Dur dur, le métier de guide
Adulés par les uns, méconnus par les autres, les guides en plein air sont plus souvent qu’autrement sous-estimés, au Québec. Plaidoyer pour de meilleures conditions pour ceux qui ont souvent notre vie entre leurs mains.
Vénéré aux États-Unis, adulé en Europe, le métier de guide n’a pas la même prestance et ne suscite pas le même respect au Québec, un territoire qui regorge pourtant d’activités de plein air. Les salaires, loin d’être mirobolants, s’accompagnent souvent d’avantages sociaux minimaux, et règle générale, le travail n’est que saisonnier. À cela s’ajoutent, pour le guide, d’importantes dépenses liées aux certifications qu’il doit détenir, une nécessaire formation continue ainsi que de l’équipement qu’il doit inévitablement posséder pour travailler. Des irritants à considérer, surtout en vertu des énormes responsabilités que porte sur ses épaules un guide de plein air. Plus il est polyvalent et en mesure d’encadrer diverses activités, plus ses dépenses gonflent.
Situation paradoxale, la rareté de la main-d’œuvre atteint des sommets en tourisme d’aventure alors que ce secteur d’activité, au Québec comme partout ailleurs, figure parmi les industries à la plus forte croissance. Pourquoi la Belle Province peine-t-elle donc à produire, rémunérer, honorer et surtout retenir ses guides de plein air?

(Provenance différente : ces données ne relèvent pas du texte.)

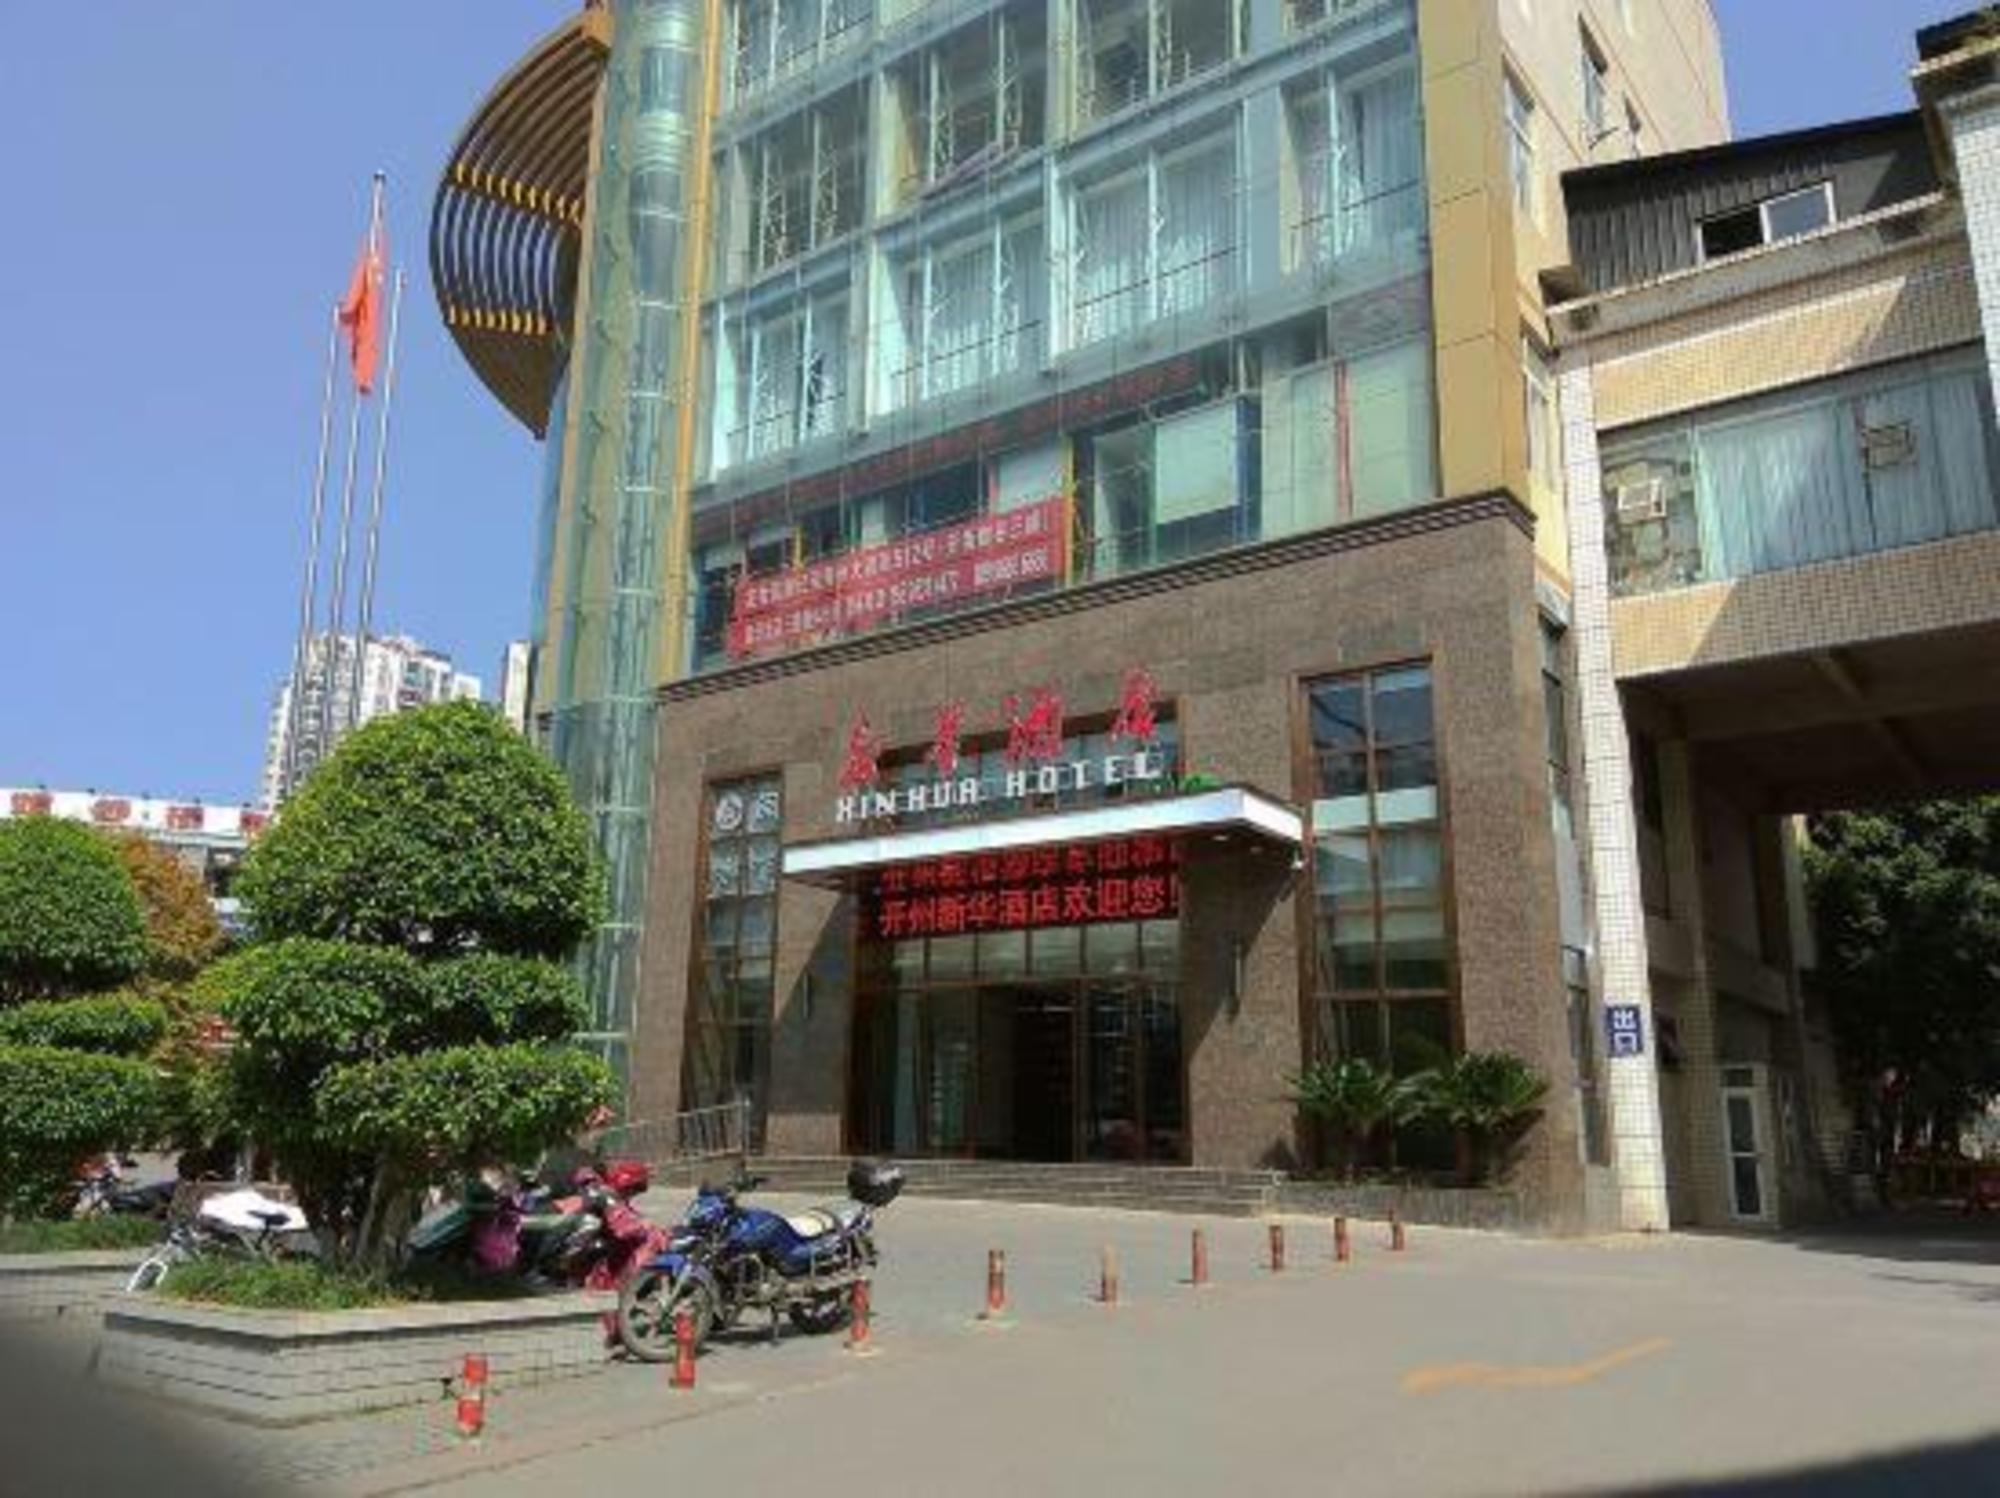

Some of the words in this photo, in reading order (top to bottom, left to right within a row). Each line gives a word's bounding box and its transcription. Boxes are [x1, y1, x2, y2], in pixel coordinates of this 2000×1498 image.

[836, 776, 978, 822] XINHUA
[1005, 752, 1162, 798] HOTEL
[1612, 1009, 1638, 1054] 出口

Sylvain Alarie est propriétaire et directeur de l’entreprise H2O Expédition, située aux abords de la rivière Métabetchouane, au lac Saint-Jean. Il a pagayé (et guidé) aux États-Unis, en Europe et au Costa Rica, et il confirme que la mentalité québécoise envers ceux qui veillent sur nos activités en plein air est particulière.

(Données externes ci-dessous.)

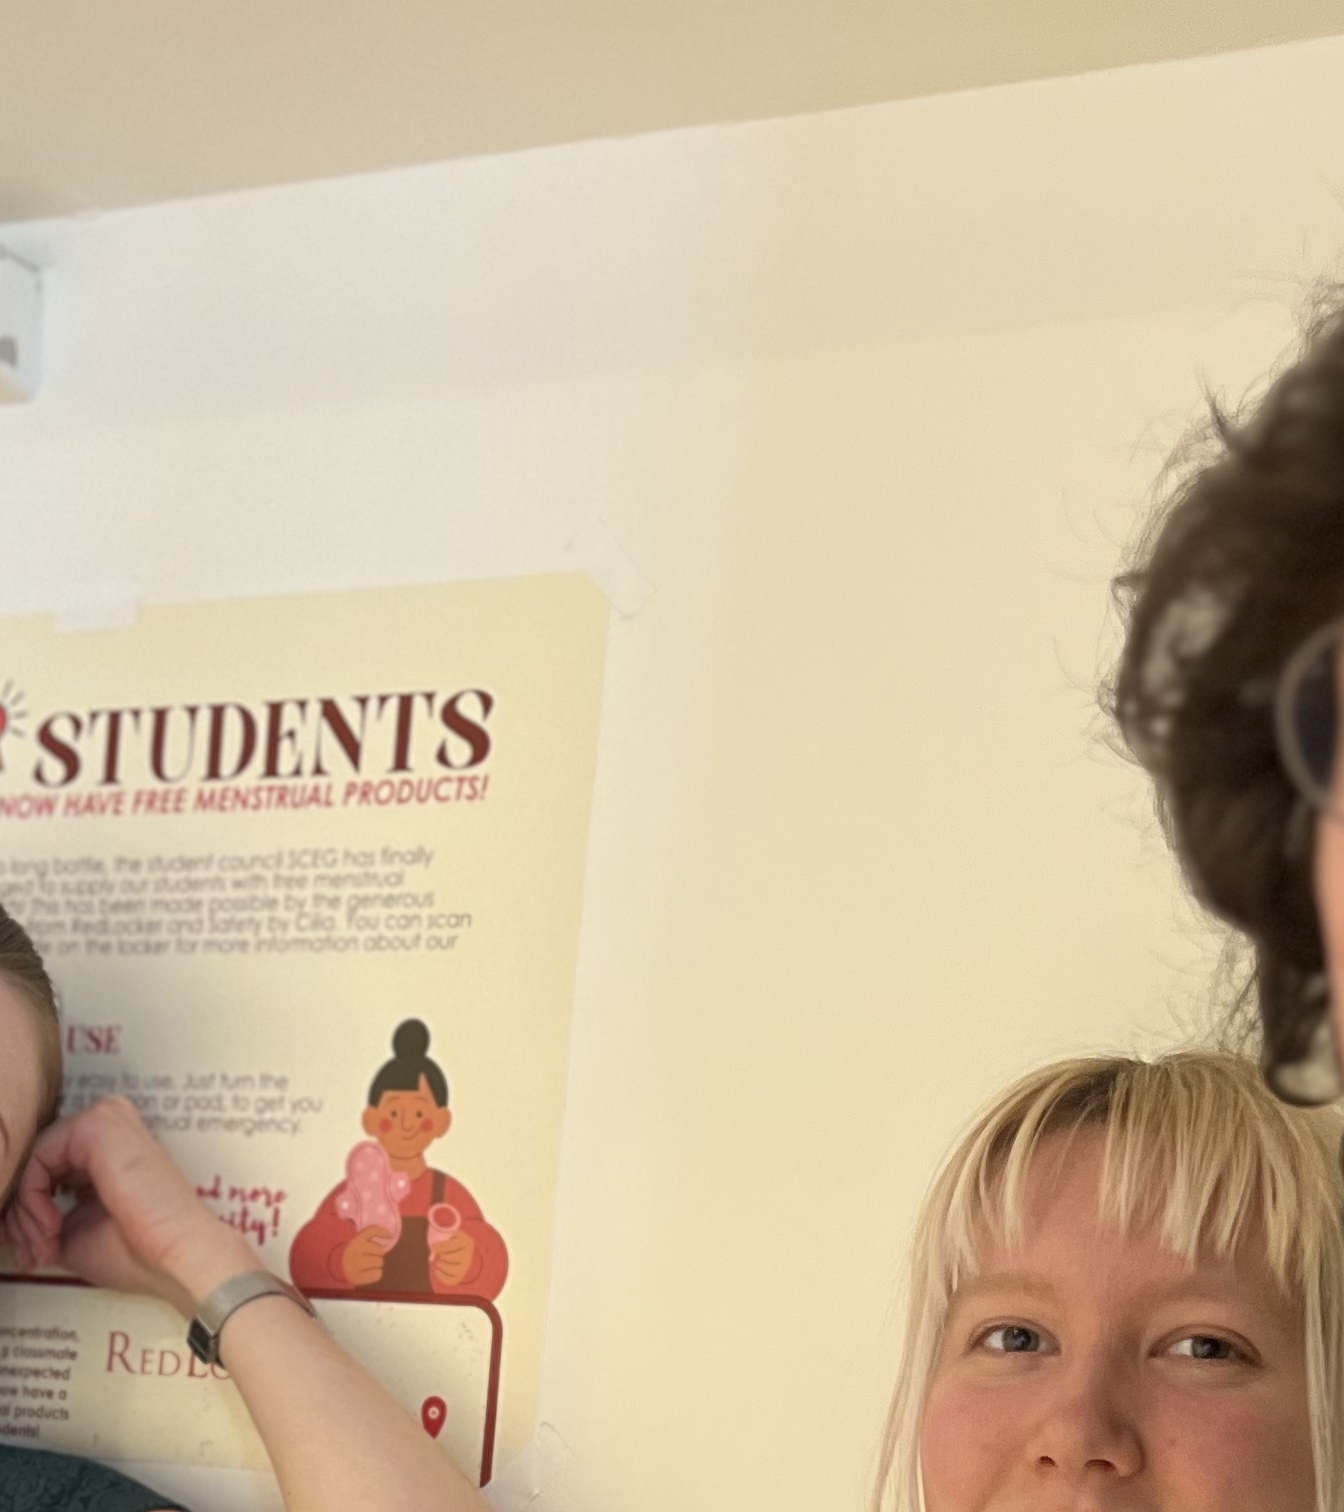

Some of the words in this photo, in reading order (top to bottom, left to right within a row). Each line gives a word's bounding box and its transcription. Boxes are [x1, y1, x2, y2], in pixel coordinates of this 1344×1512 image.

[32, 689, 494, 788] STUDENTS
[62, 790, 125, 817] HAVE
[133, 787, 187, 814] FREE
[194, 783, 333, 813] MENSTRUAL
[343, 775, 490, 806] PRODUCTS!
[114, 855, 142, 874] the
[146, 853, 214, 875] student
[217, 850, 283, 873] council
[343, 847, 377, 867] has
[381, 845, 435, 870] finally
[119, 877, 149, 893] our
[152, 875, 226, 893] students
[272, 871, 308, 890] free
[312, 869, 404, 889] menstrual
[150, 895, 204, 914] made
[208, 893, 279, 918] possible
[283, 894, 305, 914] by
[311, 892, 342, 910] the
[346, 890, 435, 914] generous
[166, 915, 204, 935] and
[345, 908, 380, 932] You
[383, 912, 423, 931] can
[425, 911, 472, 931] scan
[56, 938, 80, 956] on
[83, 937, 114, 956] the
[116, 936, 172, 956] locker
[174, 936, 200, 955] for
[202, 936, 249, 954] more
[254, 934, 359, 954] information
[362, 931, 422, 952] about
[425, 932, 459, 951] our
[66, 1024, 123, 1055] USE
[181, 1071, 216, 1091] Just
[219, 1070, 255, 1090] turn
[258, 1070, 290, 1090] the
[231, 1092, 251, 1111] to
[253, 1092, 286, 1115] get
[291, 1097, 324, 1116] you
[12, 1346, 78, 1361] classmate
[21, 1385, 54, 1401] have
[58, 1389, 68, 1401] a
[13, 1404, 70, 1422] products

« Vendre des forfaits d’aventure plus cher donnerait une marge afin de mieux rémunérer les guides; est-ce que les Québécois sont prêts à débourser davantage pour cela? Je ne crois pas! », analyse le pourvoyeur d’aventures en rafting et canyoning. « Pourtant, déjà, la difficulté de trouver de la main-d’œuvre force à rémunérer davantage les guides, et conséquemment à hausser le prix des aventures qu’on vend », avoue celui qui assume le coût d’hébergement de ses employés comme moyen de rétention. Et qui peine, malgré tout, à conserver ses guides.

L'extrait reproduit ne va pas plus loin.